The Italian Space Age design movement was started with this lamp.

 

Gaetana Aulenti (Gae) architect, industrial, and lighting designer, was a great lady who quietly made a revolution in Italian design.   She was one of the very few women architects in postwar Italy, and surely the most famous internationally.

Her ability to work on projects on the smallest scale to projects the size of the redesign of the Musee D’Orsey

in the heart of Paris secured the respect of the international community. Her love and curiosity for the new contributed greatly to the evolution of architecture and design.

Every time I am with June, it is a pleasure I always treasure. A great talent in her own photography work and an amazing eye in editing her husband’s pictures.
As she says, “he was very prolific” – an understatement to be sure! The exhibition just opened in Berlin on Friday night ” World Without Men”,  highlights many of the iconic photographs Helmut Newton took in Saint Tropez, Paris, London, Los Angeles and Milano in the 60’s,70’s,80’s.

The London magazine Queen was made famous in the 60’s under Beatrix Miller, whose editorial direction had created this chic society publication.  Even before Willie Landels took over the modernization as art director in 1970, this remarkable photograph was taken for Queen in 1966.  Here, at the Helmut Newton Foundation’s show, it still appears new.

Another great picture by Newton. Also inspired by the grecian style, a Madame Gres dress, shot in Paris in 1966 for Queen magazine.
While an unusual Newton photograph, it still carries his signature strong light which nobody ever could match.  Now you see it has often been copied but never equaled.

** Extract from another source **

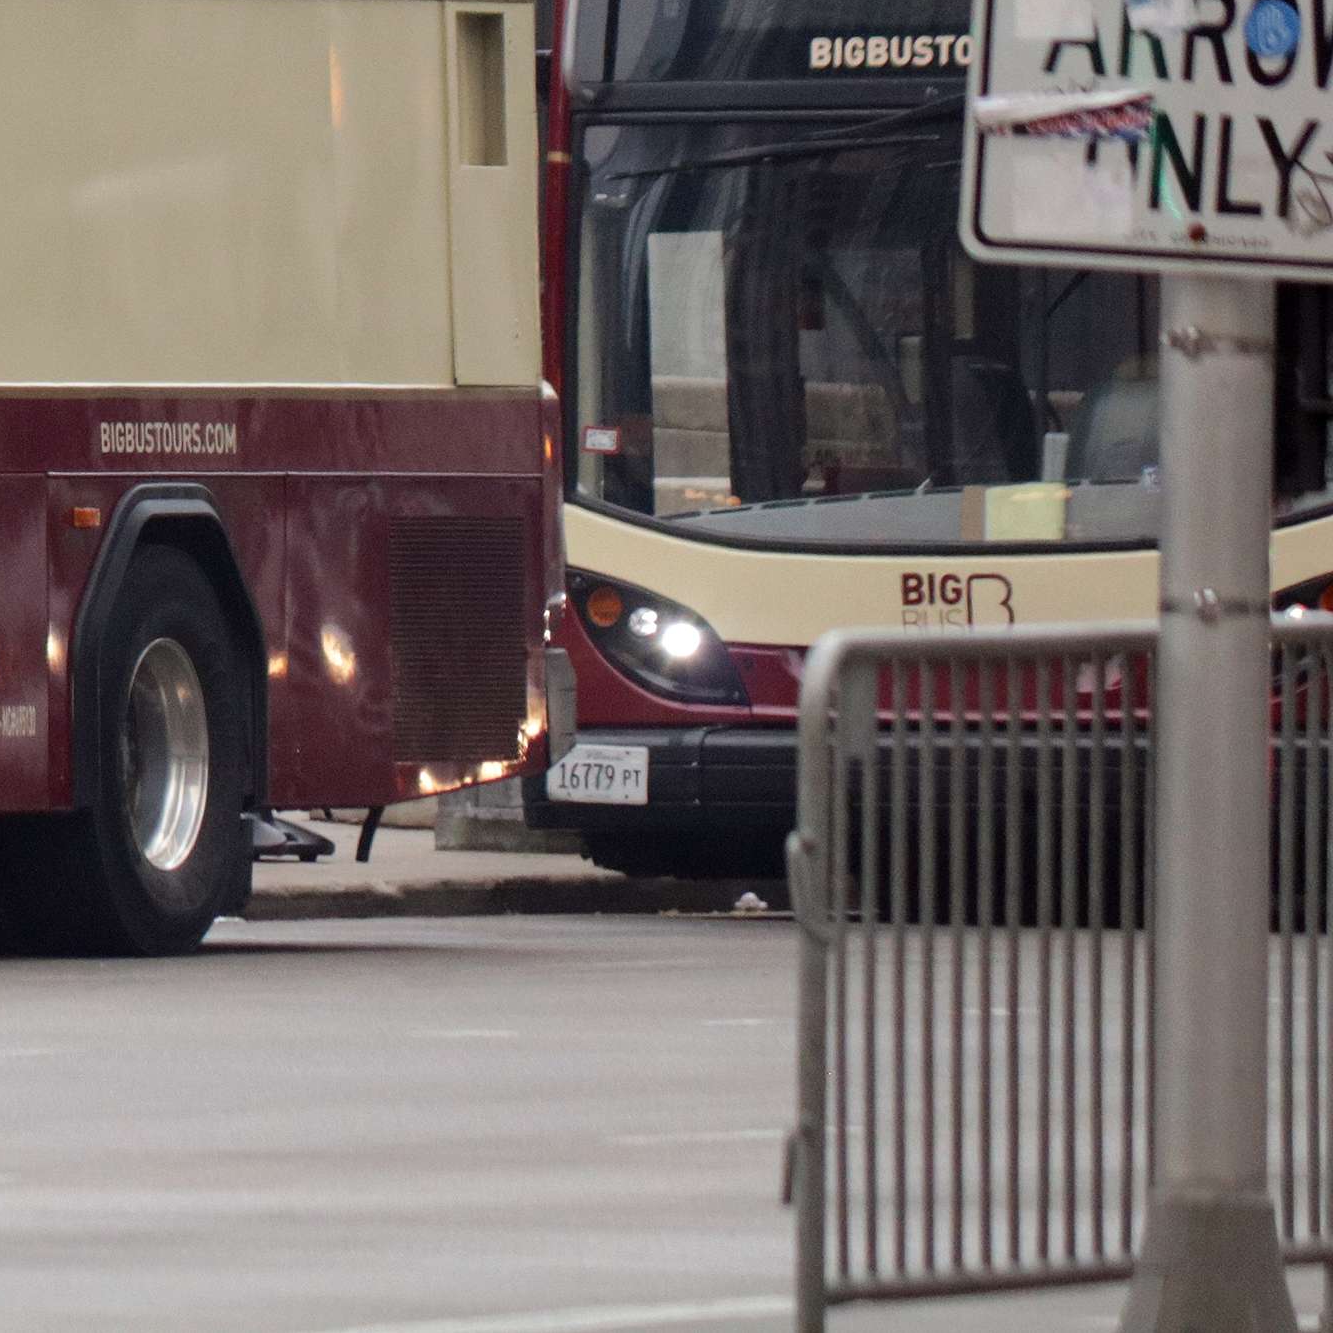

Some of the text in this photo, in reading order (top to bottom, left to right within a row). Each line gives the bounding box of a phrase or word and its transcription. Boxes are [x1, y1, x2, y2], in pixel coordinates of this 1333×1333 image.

This week in New York was the opening of the Mariano Fortuny exhibition.  Fortunately, it is one I have until March of this year to go and see.
All those Delphos dresses are such a strong part of our image of beauty and femininity.  Here a drawing of Isadora Duncan made by illustrator Georges Barbier in 1917 in the signature Fortuny pleats.

Isadora was not the only one wearing the famous Delphos dresses, so was Peggy Guggenheim, Sarah Bernardt and here  “three muses”.  These imaginary Greek garments with their shape and soft colors, murano beads and kimono jackets in velvets and silks can now be admired at the Queen Sophia Spanish Institute.  The exhibition has been conceived and curated by the great designer Oscar de la Renta.

Like many great artists, the use of light is a very important step in the creative process. Strongly influenced by his experiments with reflected light, Mariano Fortuny first created this lamp in 1907.
One of the most beautiful lamps ever created, it  still is modern and since 1985 has been reproduced by Pallucco.